Bipartisan Congressional support for a legal pathway for food and drink products infused with cannabidiol, better known as CBD, could mean big things for CBD companies looking to expand into new markets. But patience is a virtue.

On Wednesday, February 27th, Food and Drug Administration (FDA) Commissioner Scott Gottlieb responded to questions from Congress and provided new details about alternative pathways for CBD regulation.

In December 2018, President Trump signed the 2018 Farm Bill into law, which effectively legalized hemp and hemp-derived products after decades of federal prohibition.

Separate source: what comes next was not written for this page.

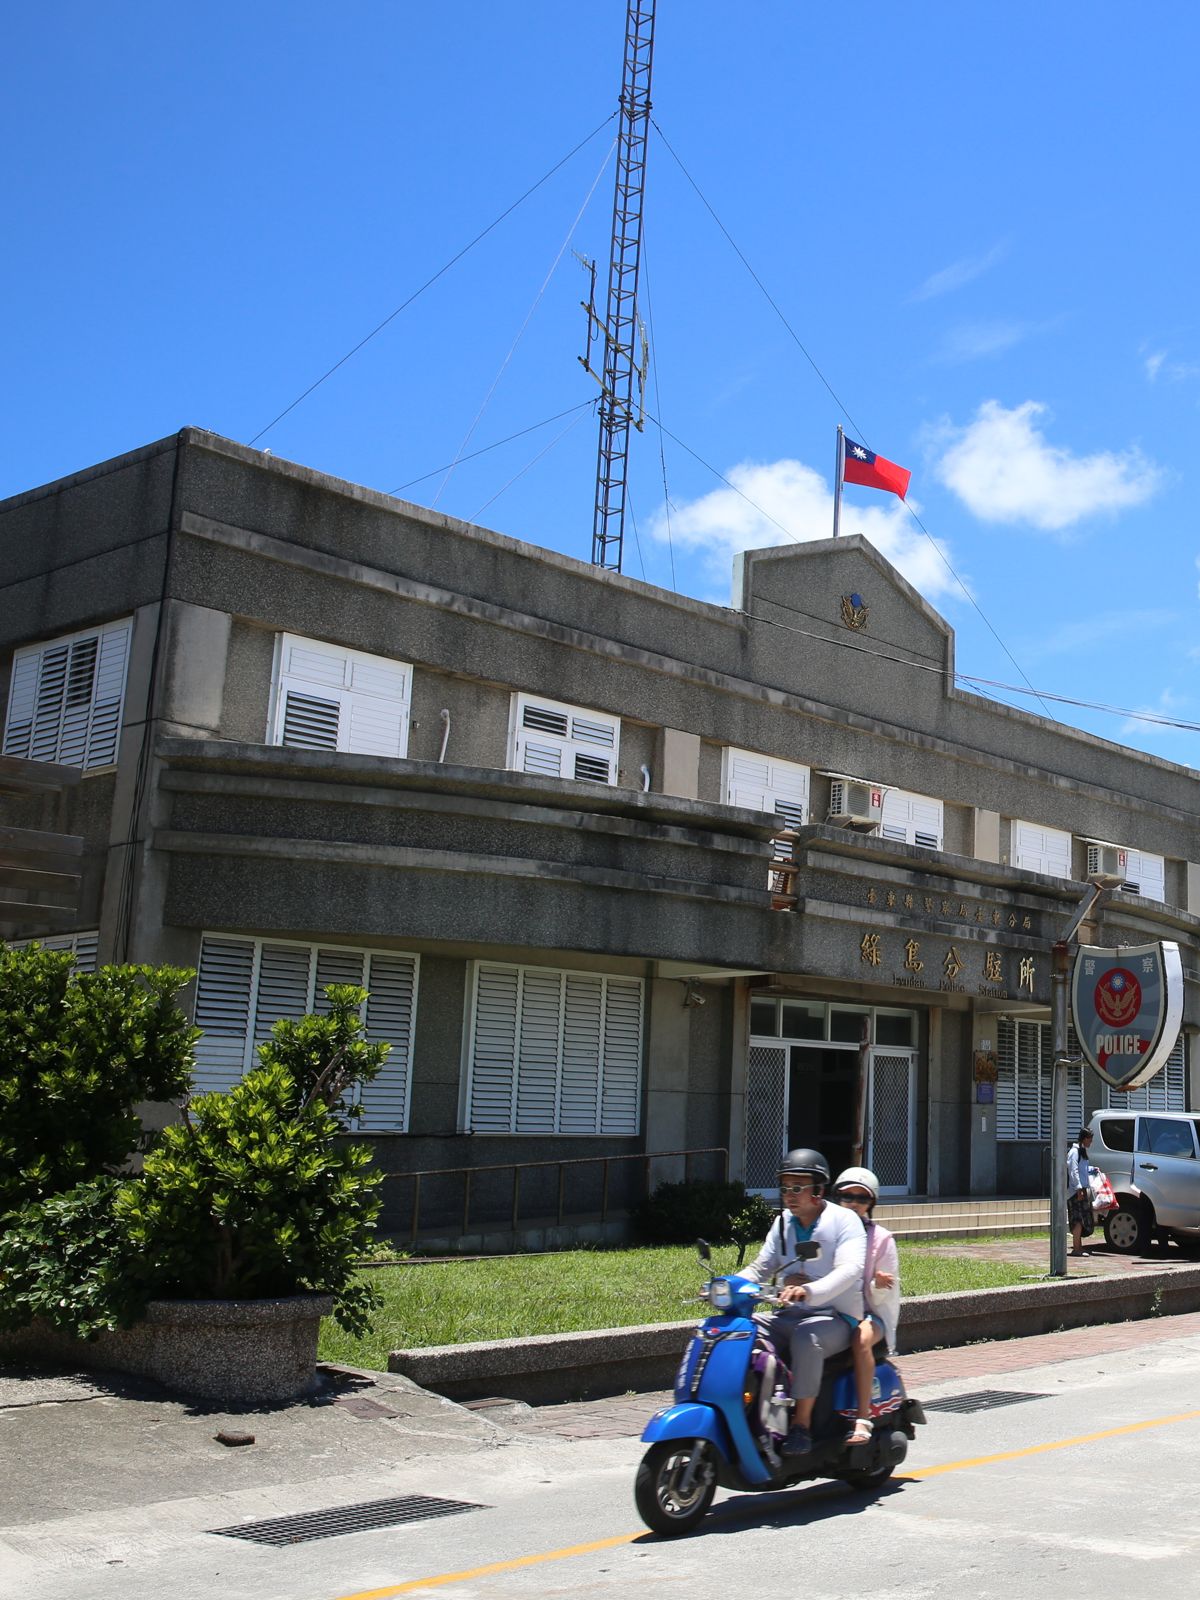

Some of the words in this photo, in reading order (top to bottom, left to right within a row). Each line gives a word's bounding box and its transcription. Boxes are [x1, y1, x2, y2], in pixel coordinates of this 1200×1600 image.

[861, 934, 1035, 993] 綠島分駐所
[1096, 1034, 1140, 1054] POLICE

Cannabis plants must legally contain less than 0.3 percent THC in order to be classified as hemp. Hemp is grown primarily for industrial purposes. However, with the exploding popularity of non-intoxicating CBD, hemp is also being bred to manufacture CBD products.

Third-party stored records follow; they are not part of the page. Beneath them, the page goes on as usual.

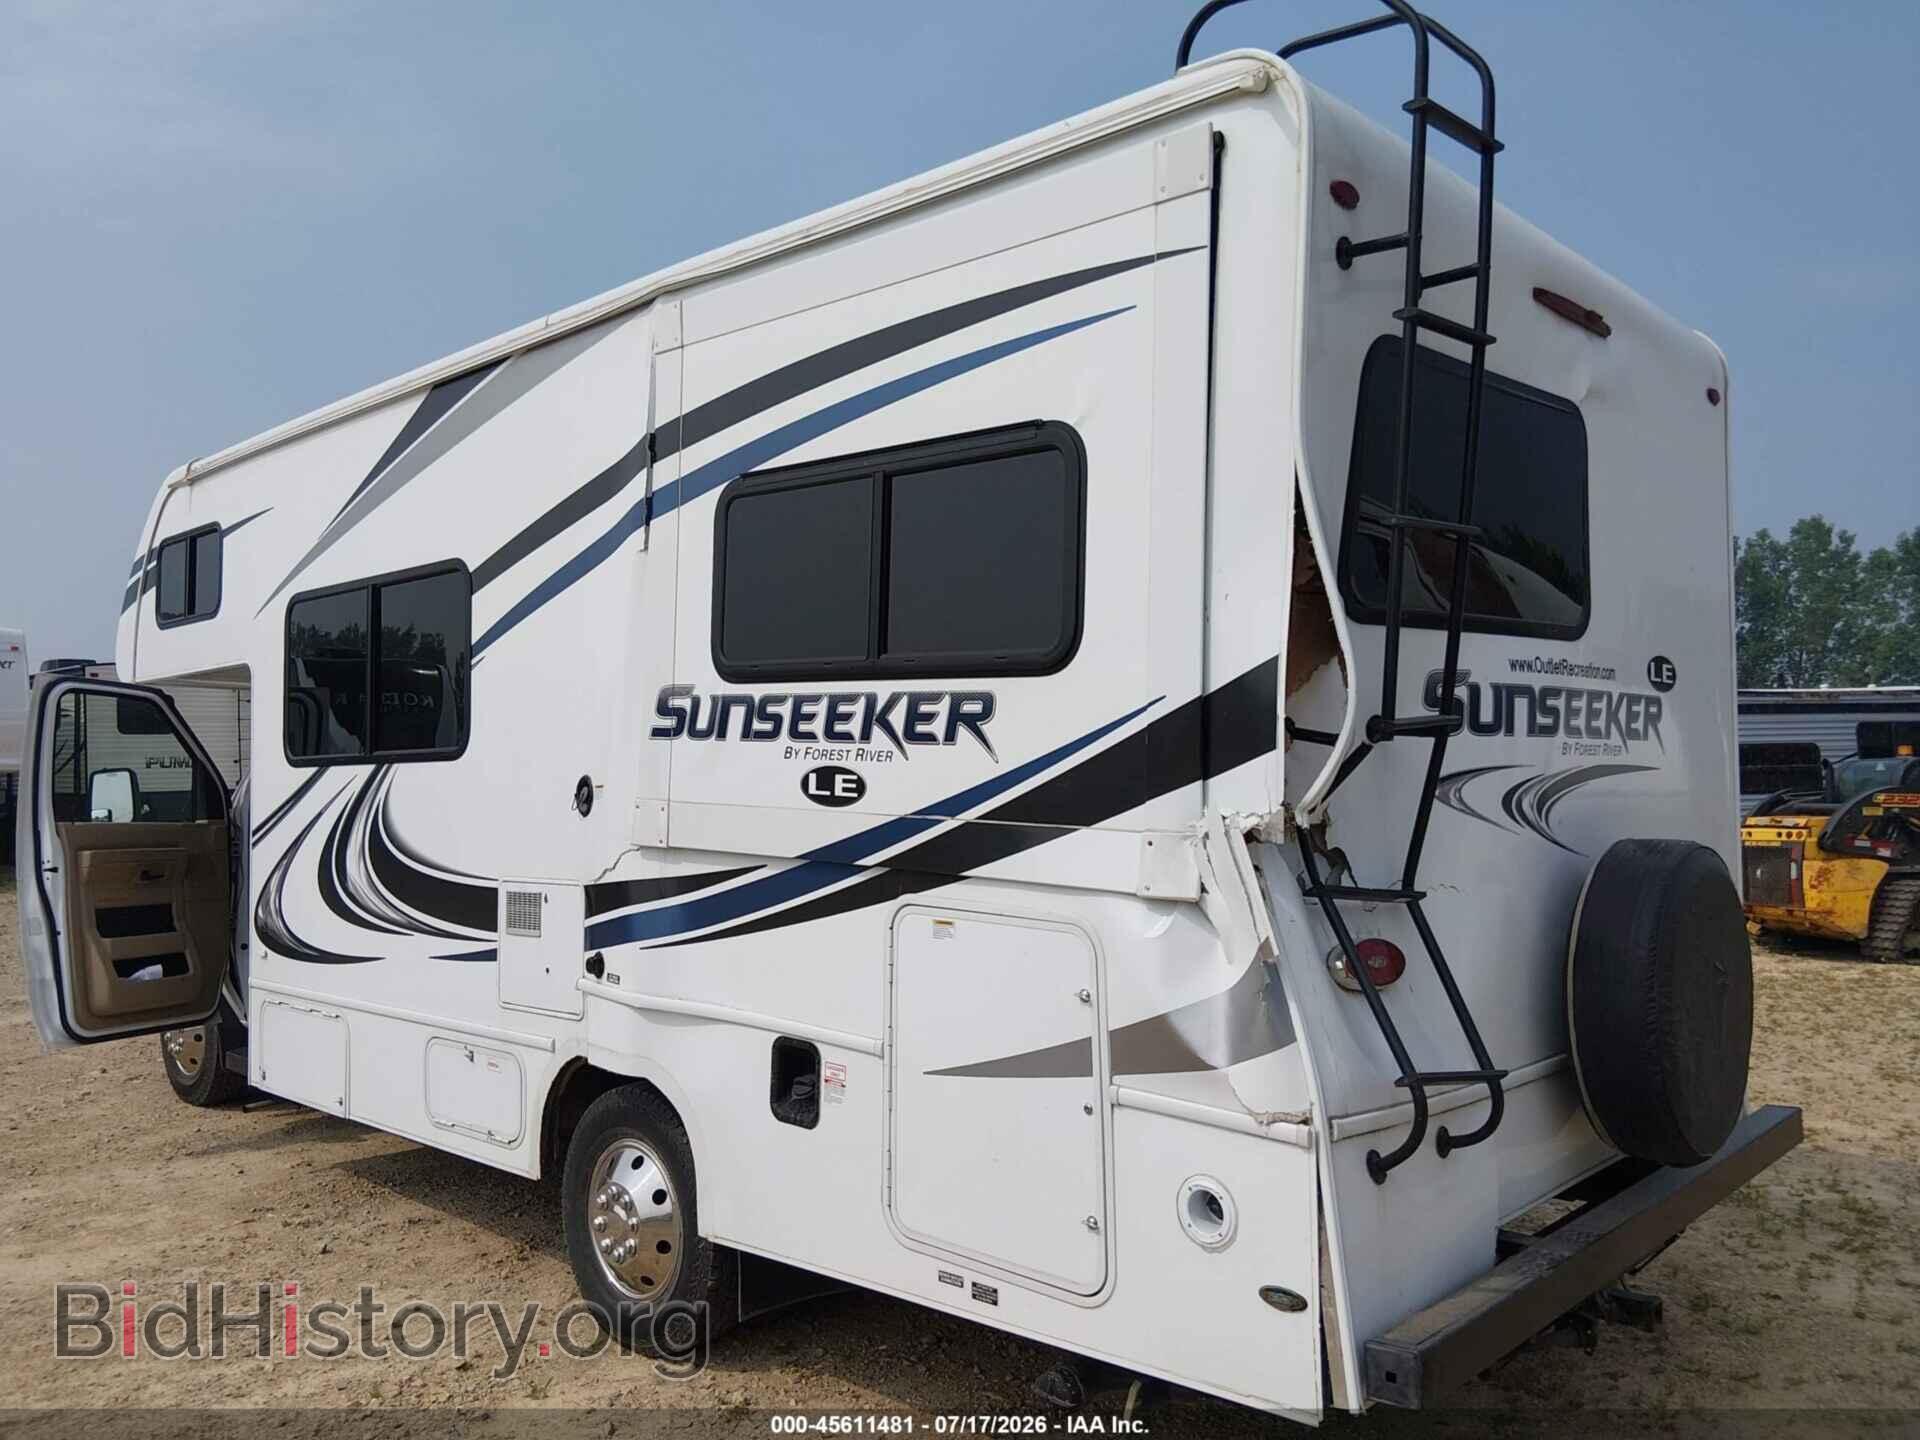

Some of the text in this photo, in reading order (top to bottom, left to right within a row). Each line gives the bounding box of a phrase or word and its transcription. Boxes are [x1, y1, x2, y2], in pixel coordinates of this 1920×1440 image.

[1508, 656, 1616, 681] www.OutletRecreation.com
[1651, 662, 1674, 684] LE
[648, 684, 999, 764] SUNSEEKER
[144, 756, 193, 769] PUM
[784, 746, 894, 762] BY FOREST RIVER
[808, 772, 858, 798] LE

Immediately following the legalization of hemp, the FDA released a lengthy statement reserving the right to regulate cannabis-based products. The agency pledged to take action against businesses making unsupported claims about CBD’s therapeutic potential, even if the products are derived from legal hemp. Since then, state and local officials in New York City, Maine, and Ohio have cracked down on the sale of CBD foods and beverages.

On Friday, February 15th, several members of Congress sent a letter to Gottlieb requesting a path forward. They expressed that these crackdowns “spurred a tremendous amount of confusion among product manufacturers, hemp farmers, and consumers of these products.”

They urged Gottlieb to answer three questions:

  1. When will FDA provide guidance on lawful pathways for food products with CBD?
  2. Has FDA advised states—such as New York, Maine or Ohio—that have recently taken enforcement actions against food products with CBD?
  3. When will FDA hold a public hearing on the regulation of products containing CBD?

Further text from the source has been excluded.